The earlier monetary slowdown signals a likely loss of global economic momentum through late 2018, so Simon Ward Chief Economist at Janus Henderson Investors.
11.06.2018 | 13:47 Uhr
Near-complete April monetary statistics confirm an earlier indication that six-month growth of real narrow money in the G7 economies and seven large emerging economies was little changed from March and above the nine-year low reached in February. The earlier monetary slowdown signals a likely loss of global economic momentum through late 2018 but prospects are no longer deteriorating. Real broad money growth has also recovered slightly since February – see first chart.
Will monetary trends revive more significantly into mid-year, implying a brighter economic outlook for end-2018 and early 2019? Such a scenario is possible but does not currently seem likely.
The recovery in G7 plus E7 six-month real money growth since February has been driven by a slower rate of increase of consumer prices (seasonally adjusted) – nominal money growth was unchanged between February and April. Recent firmer commodity prices suggest that six-month inflation will stabilise or partially retrace the recent decline.
The small change in G7 plus E7 real narrow money growth between March and April conceals a decline in G7 expansion offset by a pick-up in the E7 – second chart. Real money growth rose in China, Brazil, India, Russia and Taiwan. Recent capital outflows from emerging markets and an associated tightening of domestic financial conditions, however, could have a negative impact on monetary trends in some countries.
Previous posts discussed the possibility that US money trends would rebound in lagged response to tax cuts, mirroring experience after previous large reductions. No pick-up is yet evident: six-month narrow money growth fell back in April and is unlikely to have increased in May – the third chart includes a May estimate based on weekly data through 21 May.
US and G7 money growth is probably being dragged down by slowing QE, with the 12-month running total of purchases of government and agency securities by the Fed, Bank of Japan, ECB and Bank of England already down by almost a half from its March 2017 peak and projected to continue to decline rapidly – fourth chart.
The six-month rate of change of real narrow money is lower than a year ago in almost all developed economies (exception: New Zealand) and has been negative for several months in Australia, where the housing market is slowing sharply in response to a belated regulatory clampdown on loose lending standards – fifth and sixth charts.

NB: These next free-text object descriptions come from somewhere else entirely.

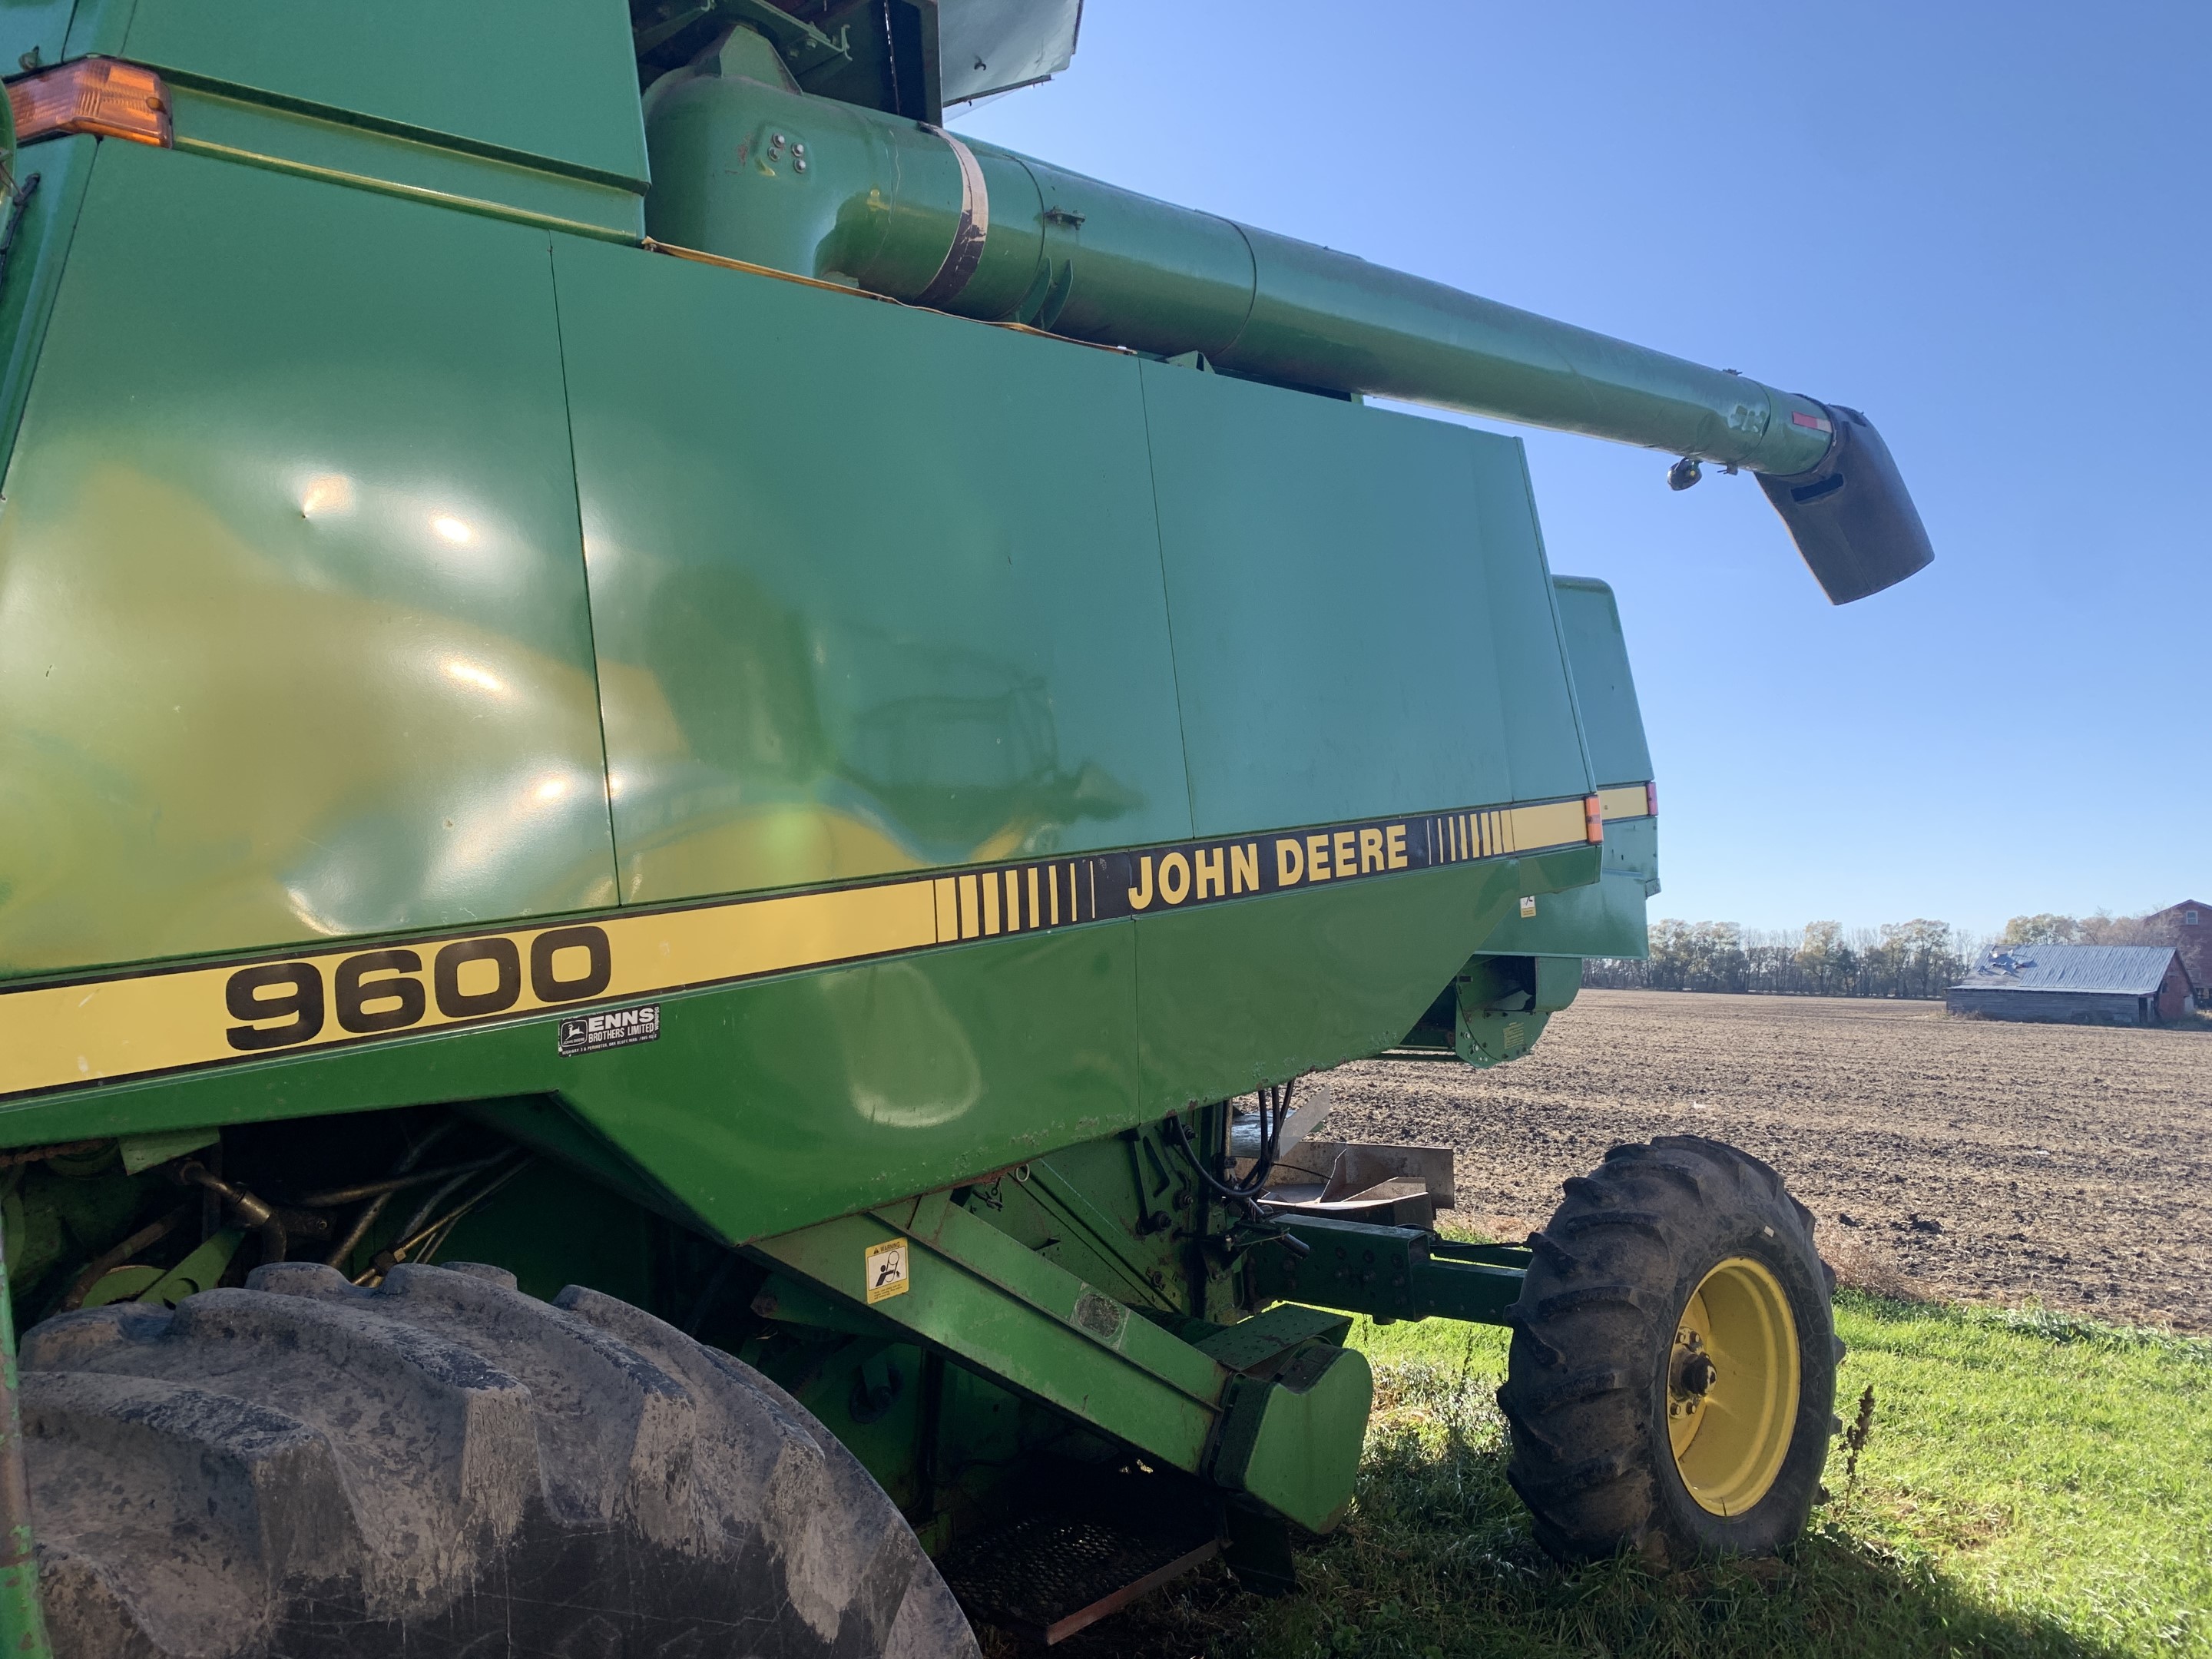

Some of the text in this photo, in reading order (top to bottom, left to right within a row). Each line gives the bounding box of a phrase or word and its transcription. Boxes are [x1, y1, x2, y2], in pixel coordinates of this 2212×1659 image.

[1128, 824, 1408, 909] JOHN DEERE
[225, 926, 612, 1051] 9600
[588, 1008, 654, 1032] ENNS
[588, 1028, 625, 1043] BROTHERS
[628, 1022, 654, 1036] LIMITED

A recovery in money growth seems likely in China, reflecting a recent policy shift away from tightening towards modest easing and an associated fall in market rates. The timing and extent of any rebound, however, are uncertain: the two-year government yield is only 30 basis points lower than a year ago while previous significant reversals higher in narrow money growth have been preceded by a decline of at least one percentage point – seventh chart.